I think the answer is Yes
$$$D > > > > > E$$$
I only made ABCE,how D,D>>>E
Did anyone manage to cheese $$$2^n \cdot n^3$$$ on F? I got to (32xAC,2xTLE) before realizing the $$$2^n \cdot n^2$$$ optimization and getting AC.
Also E has appeared in a previous ABC/ARC. I can't seem to find the link but the problem involved points on the sides of a square (instead of a circle) and drawing arbitrary curved lines between them (instead of chords) but the solution is identical. Granted, its an educational contest, so it probably doesn't matter too much.
well this worked https://atcoder.jp/contests/abc338/submissions/49743046
yes https://atcoder.jp/contests/abc338/submissions/49737056
I ran the dp 10 iterations (like in bellman) and got ac :)))
i did like $$$2^n ⋅ (n+m)$$$ but with 5 additional iterations so the constant is x5, but it still got AC lol, i can't even prove why it's correct
Maybe it's not, i guess the tests just aren't strong enough
What is the difficulity score of Problem D E F based on codeforces rating system?
1400~1600
Thanks!!!
Implement what's written in the problem statement.
Implement what's written in the problem statement.
Bruteforce the number of dishes of one of the types.
Calculate for each road the sum of the lengths of the paths $$$(X_k, X_{k + 1})$$$ that will pass through the current road (instead of the other arc of the circle), and the same for the ones that won't pass through the current road. This can be done with prefix sums. After that, try all the roads and calculate the length of the tour using the precalculated values.
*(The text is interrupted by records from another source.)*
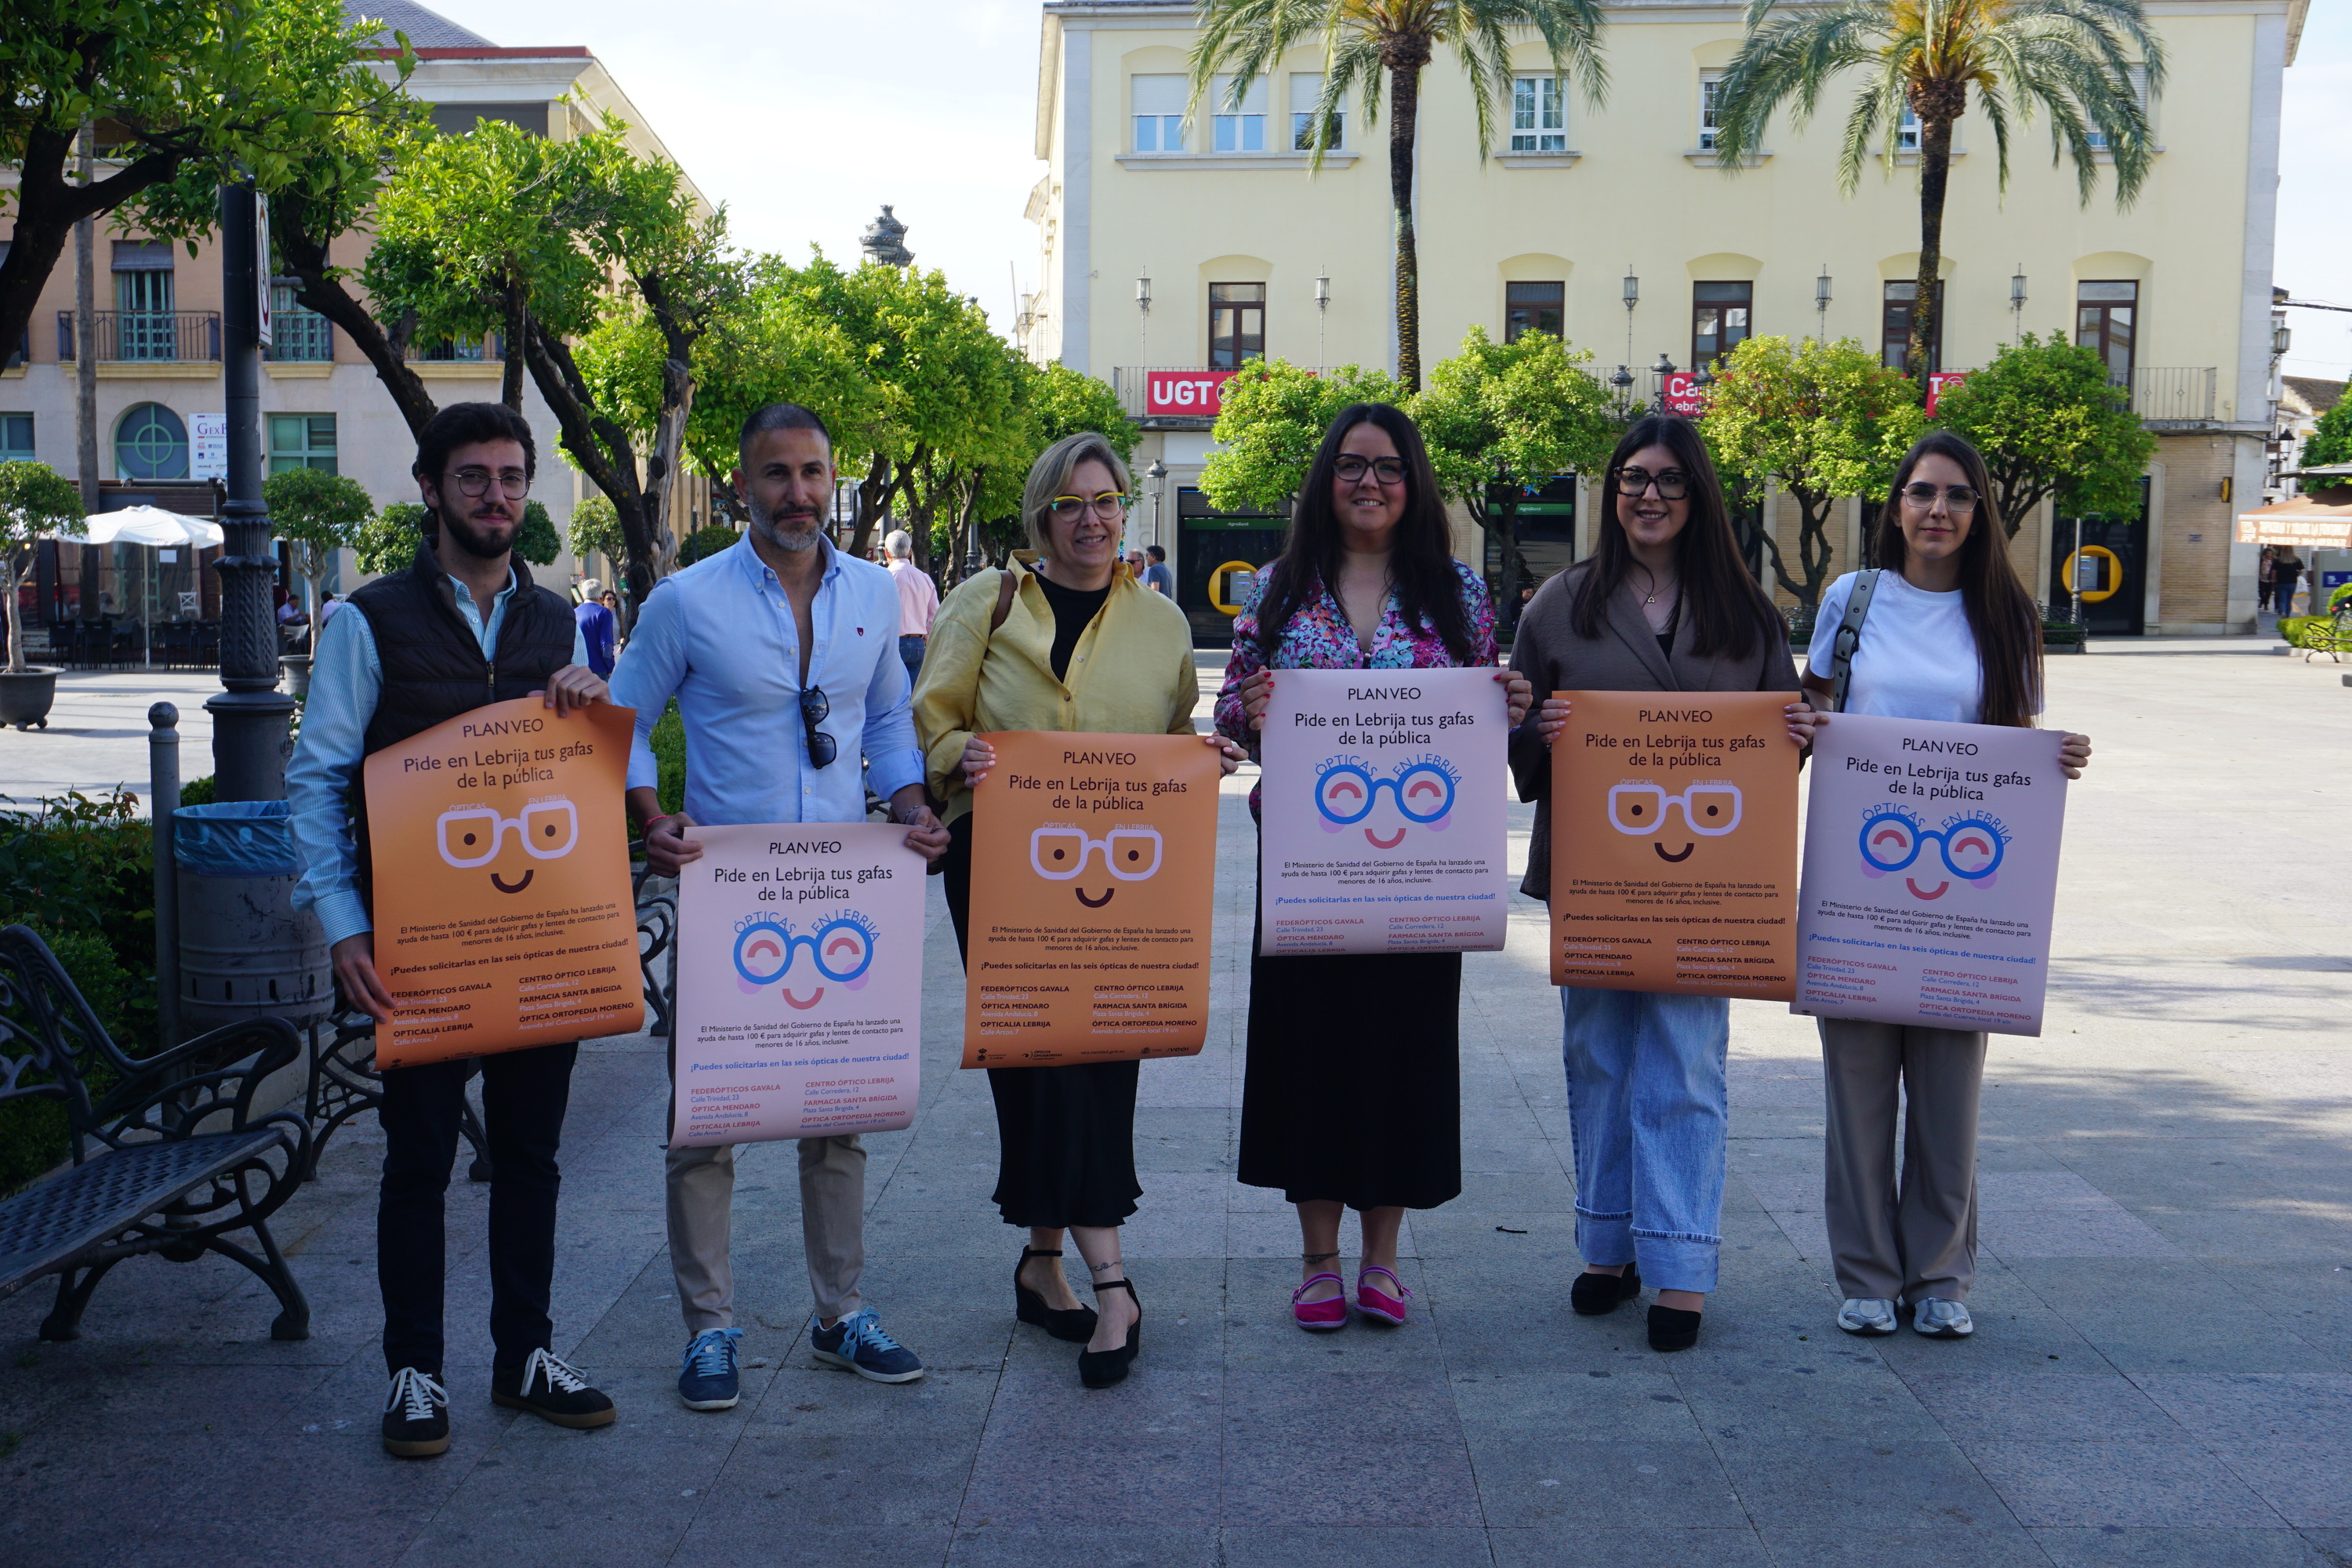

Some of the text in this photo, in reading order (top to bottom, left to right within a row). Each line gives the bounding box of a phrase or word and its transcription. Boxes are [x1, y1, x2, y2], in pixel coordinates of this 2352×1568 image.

[1153, 380, 1213, 405] UGT
[1348, 688, 1421, 700] PLAN VEO
[1295, 711, 1474, 730] Pide en Lebrija tus gafas
[1639, 710, 1712, 723] PLAN VEO
[463, 718, 543, 738] PLAN VEO
[1339, 731, 1431, 749] de la pública
[1586, 734, 1766, 752] Pide en Lebrija tus gafas
[1903, 738, 1978, 756] PLAN VEO
[405, 741, 593, 772] Pide en Lebrija tus gafas
[1064, 752, 1136, 765] PLAN VEO
[1629, 752, 1722, 770] de la pública
[1392, 757, 1412, 776] EN
[1847, 757, 2031, 788] Pide en Lebrija tus gafas
[457, 767, 554, 789] de la pública
[1010, 775, 1187, 797] Pide en Lebrija tus gafas
[1889, 780, 1984, 800] de la pública
[1053, 794, 1144, 814] de la pública
[770, 841, 841, 855] PLAN VEO
[715, 865, 892, 884] Pide en Lebrija tus gafas
[758, 885, 850, 904] de la pública
[1276, 897, 1307, 906] ¡Puedes
[1394, 895, 1422, 903] ópticas
[390, 965, 426, 976] ¡Puedes
[429, 959, 476, 971] solicitarlas
[524, 950, 554, 960] ópticas
[569, 945, 600, 954] nuestra
[602, 938, 628, 949] ciudad!
[1808, 956, 1897, 971] FEDERÓPTICOS GAVALA
[1822, 964, 1846, 973] Trinidad,
[1807, 971, 1876, 985] ÓPTICA MENDARO
[1806, 989, 1877, 1003] OPTICALIA LEBRIJA
[691, 1086, 749, 1094] FEDERÓPTICOS
For each chord $$$i$$$, check if there is another chord $$$j$$$ satisfying $$$A_i < A_j < B_i < B_j$$$ or $$$A_j < A_i < B_j < B_i$$$. This can be done using a data structure that supports range minimum/maximum queries.
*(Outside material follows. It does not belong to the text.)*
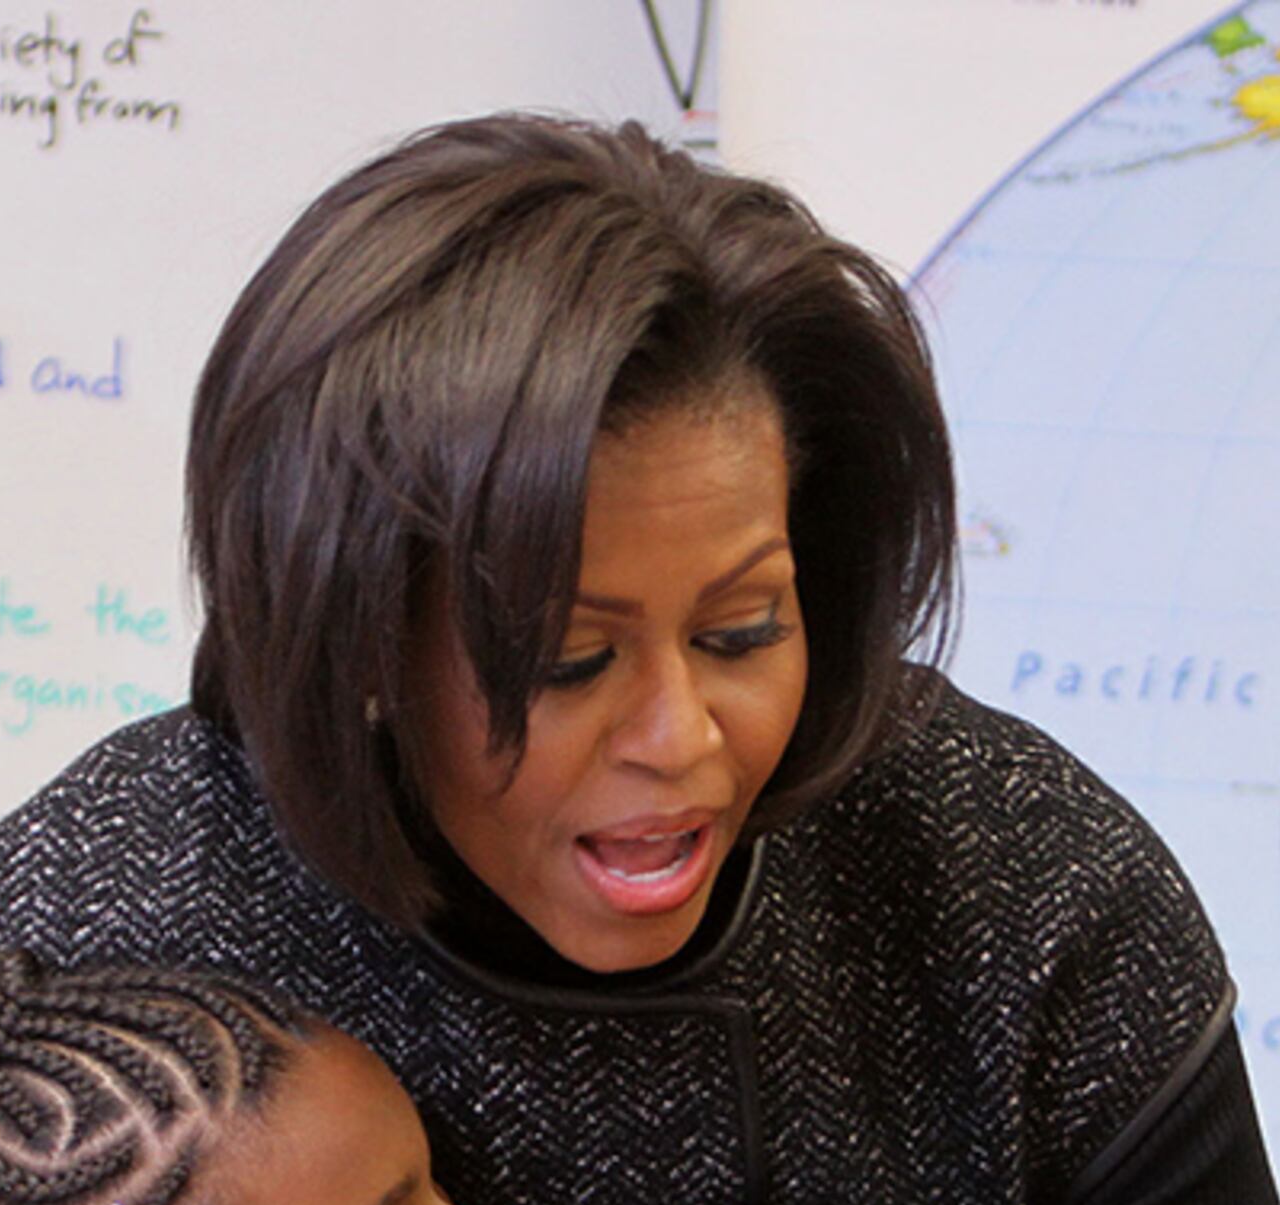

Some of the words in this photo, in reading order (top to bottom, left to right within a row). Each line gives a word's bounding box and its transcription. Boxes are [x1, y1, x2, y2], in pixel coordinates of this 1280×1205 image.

[102, 8, 166, 66] of
[74, 78, 182, 132] from
[86, 598, 174, 646] the
[1010, 650, 1262, 708] Pacific
If a walk exists, eventually, all the cities must be visited, in some order. Find an optimal order in which the cities will be visited using bitmask dynamic programming.
The answer to the problem is the minimum of the values $$$dp[2^n - 1][i] + dist[i][j]$$$ over all the valid pairs $$$i, j$$$. $$$dist[i][j]$$$ can be calculated for all pairs $$$i, j$$$ using Floyd–Warshall algorithm.
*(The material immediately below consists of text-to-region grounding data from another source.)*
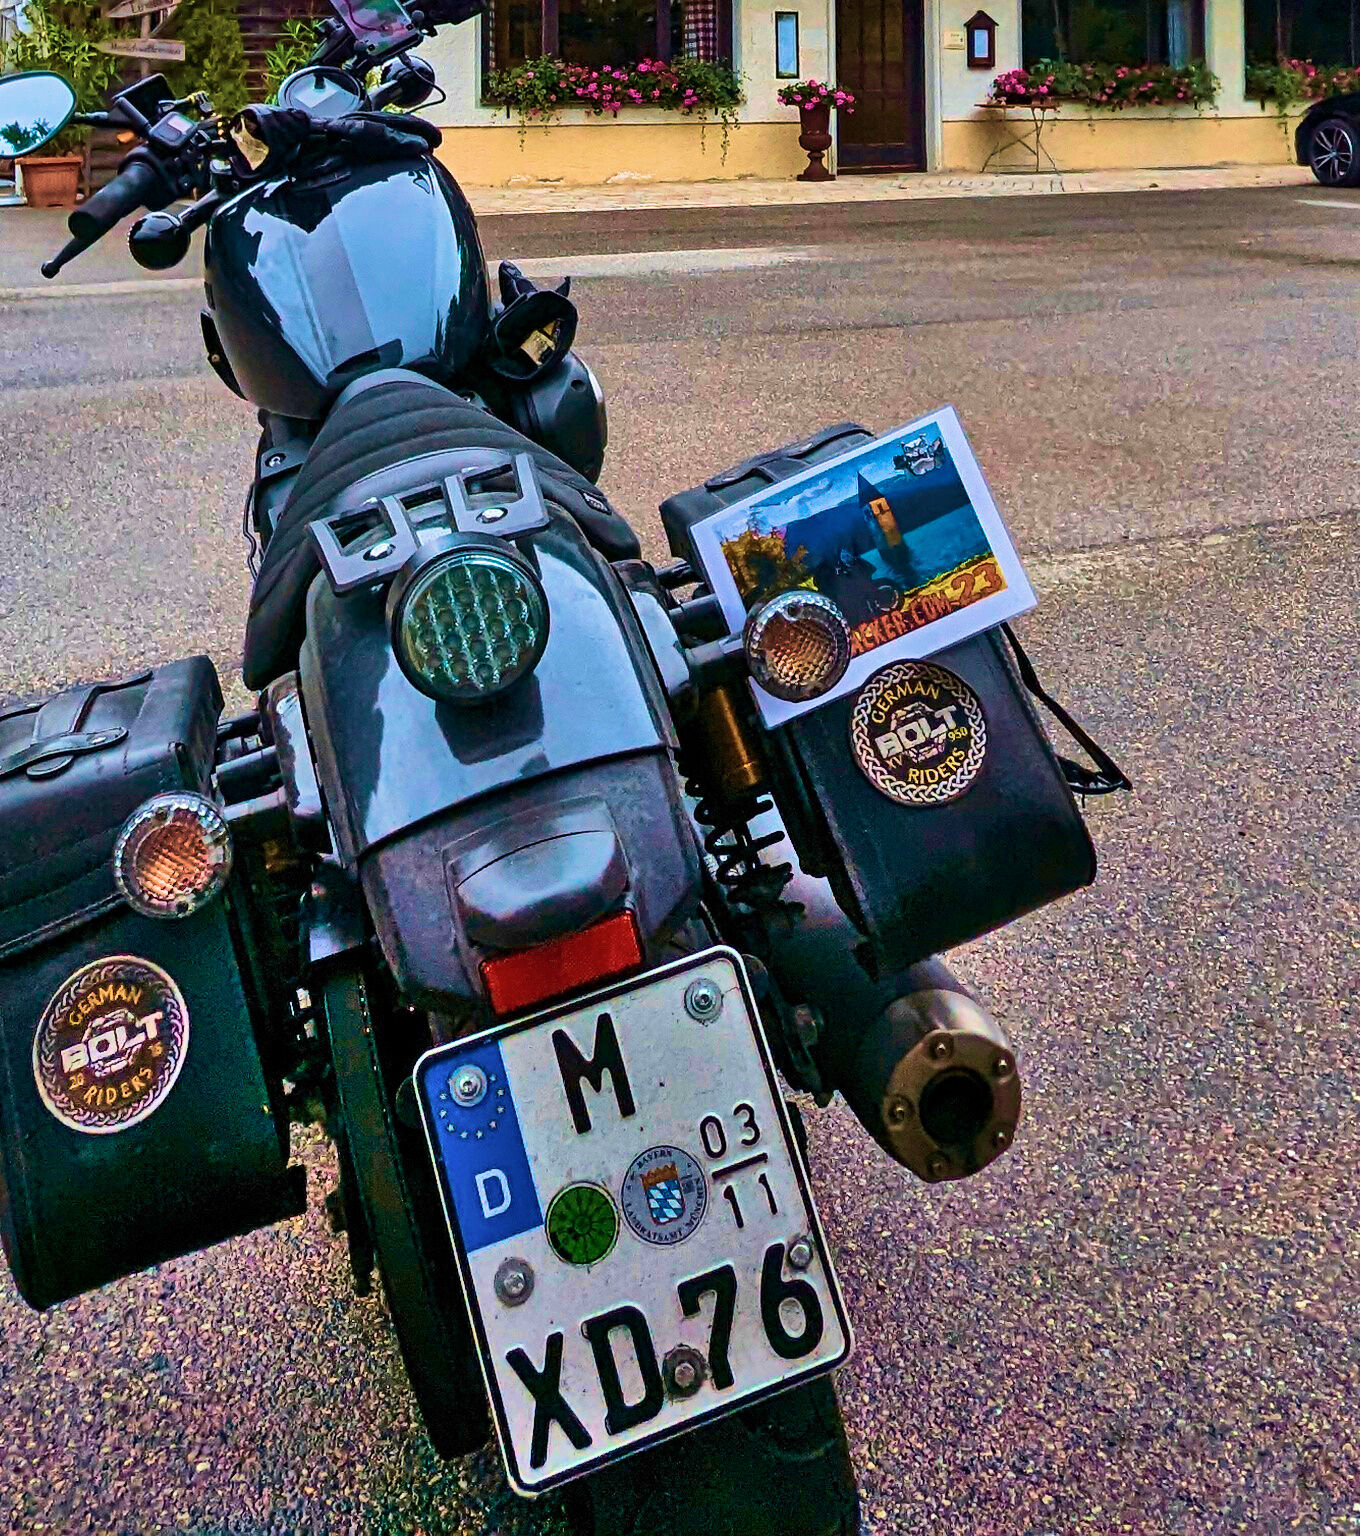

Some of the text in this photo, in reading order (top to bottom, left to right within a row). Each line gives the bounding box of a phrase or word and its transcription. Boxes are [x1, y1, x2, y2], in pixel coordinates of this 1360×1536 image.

[871, 681, 940, 725] GERMAN
[875, 704, 957, 759] BOLT
[948, 726, 968, 742] 950
[908, 747, 966, 785] RIDERS
[69, 984, 143, 1026] GERMAN
[60, 1011, 164, 1074] BOLT
[83, 1066, 153, 1106] RIDERS
[551, 1012, 636, 1134] M
[699, 1102, 761, 1159] 03
[475, 1167, 512, 1219] D
[723, 1172, 780, 1228] 11
[505, 1243, 826, 1469] XD 76
For each $$$i$$$, calculate two values:
$$$dp_+[i]$$$ the sum of the evaluations of the subarrays starting at $$$i$$$.
$$$dp_*[i]$$$ the sum of the evaluations of the subarrays starting at $$$i$$$ but not containing a '+' character.
The above values can be calculated from the right to the left by maintaining the positions of the last '+' and '*' characters and doing some casework.
The answer to the problem is the sum of all the values $$$dp_+[i]$$$.
You don't need an RMQ data structure for E.
I'm assuming $$$A_i \lt B_i$$$ in the following notation for simplicity. You can just swap them if they aren't, it still represents the same chord.
Keep a stack and process the chord endpoints in order from $$$1$$$ to $$$2n$$$. When you reach $$$A_i$$$, push $$$i$$$ onto the stack. Then when you reach $$$B_i$$$, check if $$$i$$$ is on top of the stack.
If some other value (say $$$j$$$) is on top of the stack it represents a pair of chords with $$$A_i \lt A_j \lt B_i \lt B_j$$$, i.e, chords $$$i$$$ and $$$j$$$ intersect, so it isn't possible. Otherwise no chord intersects $$$i$$$, so we just pop it from the stack and continue.
Submission
D>>>>>>E>C>B>A,the worst thing is that i only WA one point in E...
Can someone tell why my binary search code doesn't work for C
Take a look at Ticket 17290 from CF Stress for a counter example.
Could someone help me figure out why doesn't my binary search solution work for C , my logic is pretty straightforward , the maximum no of times we can make dish A and B respectively are min(Qi/Ai) and min(Qi/Bi) over all i from 1 to n.
Now I binary search within 0 and (alim+blim) where alim = min(Qi/Ai) and vv. Since there are n+1 ways to represent a number as a sum of two numbers , so I iterate and find the numbers matching the condition, however my code fails the last seven test cases .
Take a look at Ticket 17291 from CF Stress for a counter example.
Ah I see now , I did have a faint premonition that this might be one of the counter cases where the minimum limits for my a and b occur at the same index , I'd tried to rectify in later attempts too but due to my faulty implementation I screwed up some other test cases too.
I eventually upsolved this problem but without binary search this time , as the binary search idea involves too much hassle. Thanks for your help btw.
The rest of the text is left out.